_Requirement_. Copy task. Retype the whole listing exactly, omitting any picture in it.

_Supplied data_.
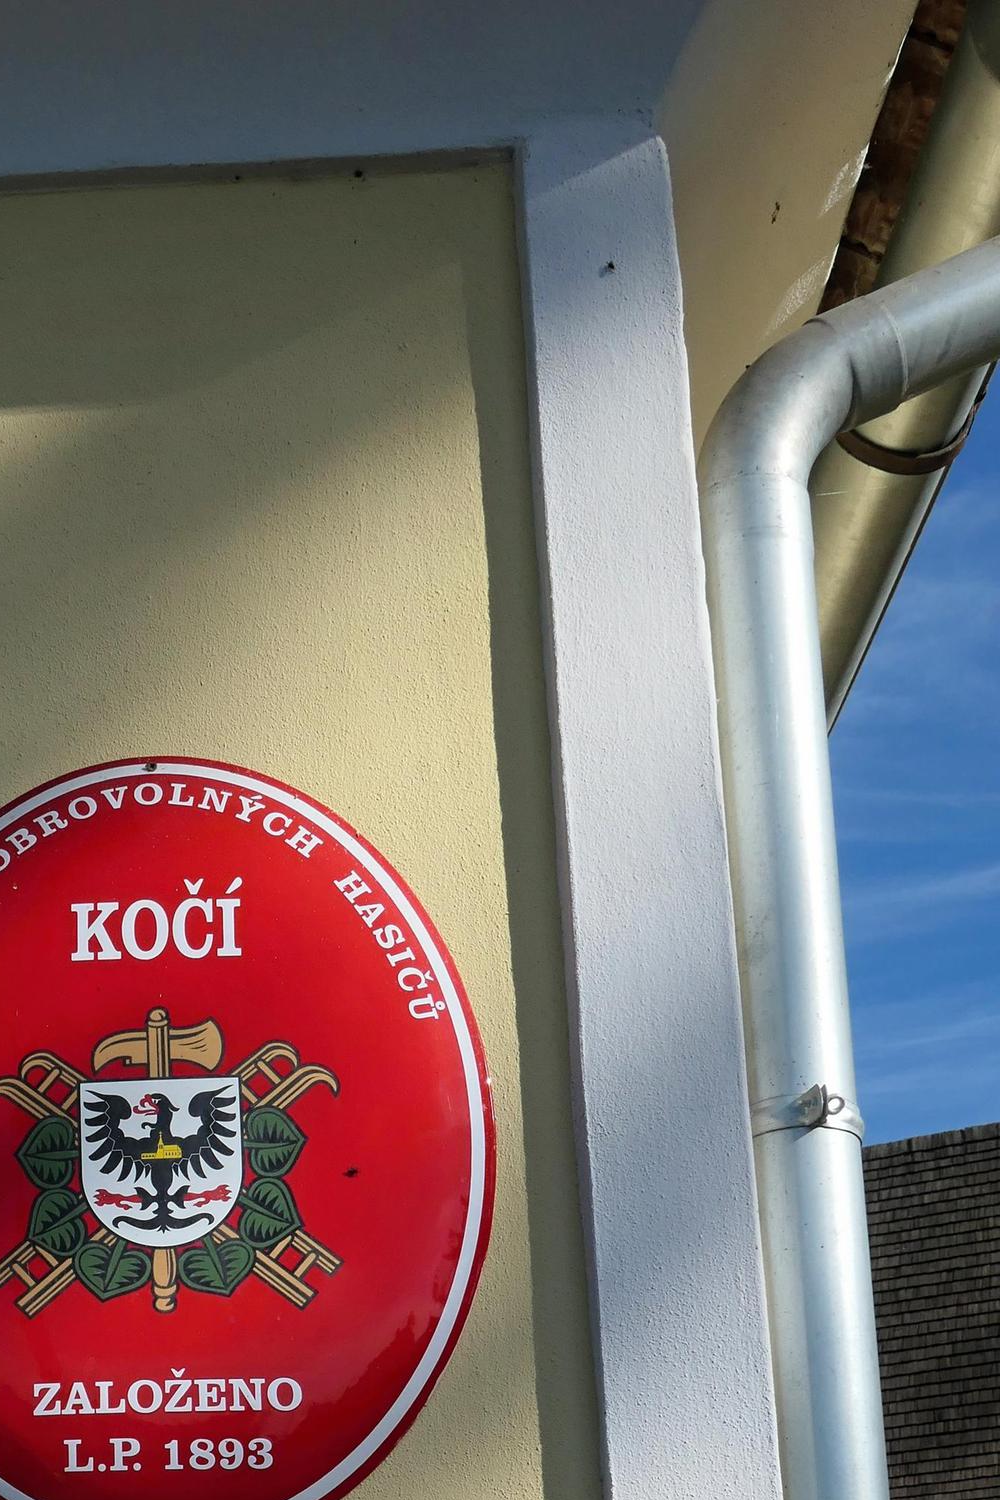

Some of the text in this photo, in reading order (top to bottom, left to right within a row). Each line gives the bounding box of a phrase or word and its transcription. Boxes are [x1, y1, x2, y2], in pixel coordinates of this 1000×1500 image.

[70, 876, 243, 961] KOČÍ
[333, 870, 446, 1020] HASIČŮ
[33, 1367, 303, 1416] ZALOŽENO
[63, 1437, 274, 1473] L.P. 1893

_Task response_.
Some of the text in this photo, in reading order (top to bottom, left to right within a row). Each line gives the bounding box of a phrase or word and its transcription. Boxes are [x1, y1, x2, y2], in pixel coordinates of this 1000×1500 image.

[70, 876, 243, 961] KOČÍ
[333, 870, 446, 1020] HASIČŮ
[33, 1367, 303, 1416] ZALOŽENO
[63, 1437, 274, 1473] L.P. 1893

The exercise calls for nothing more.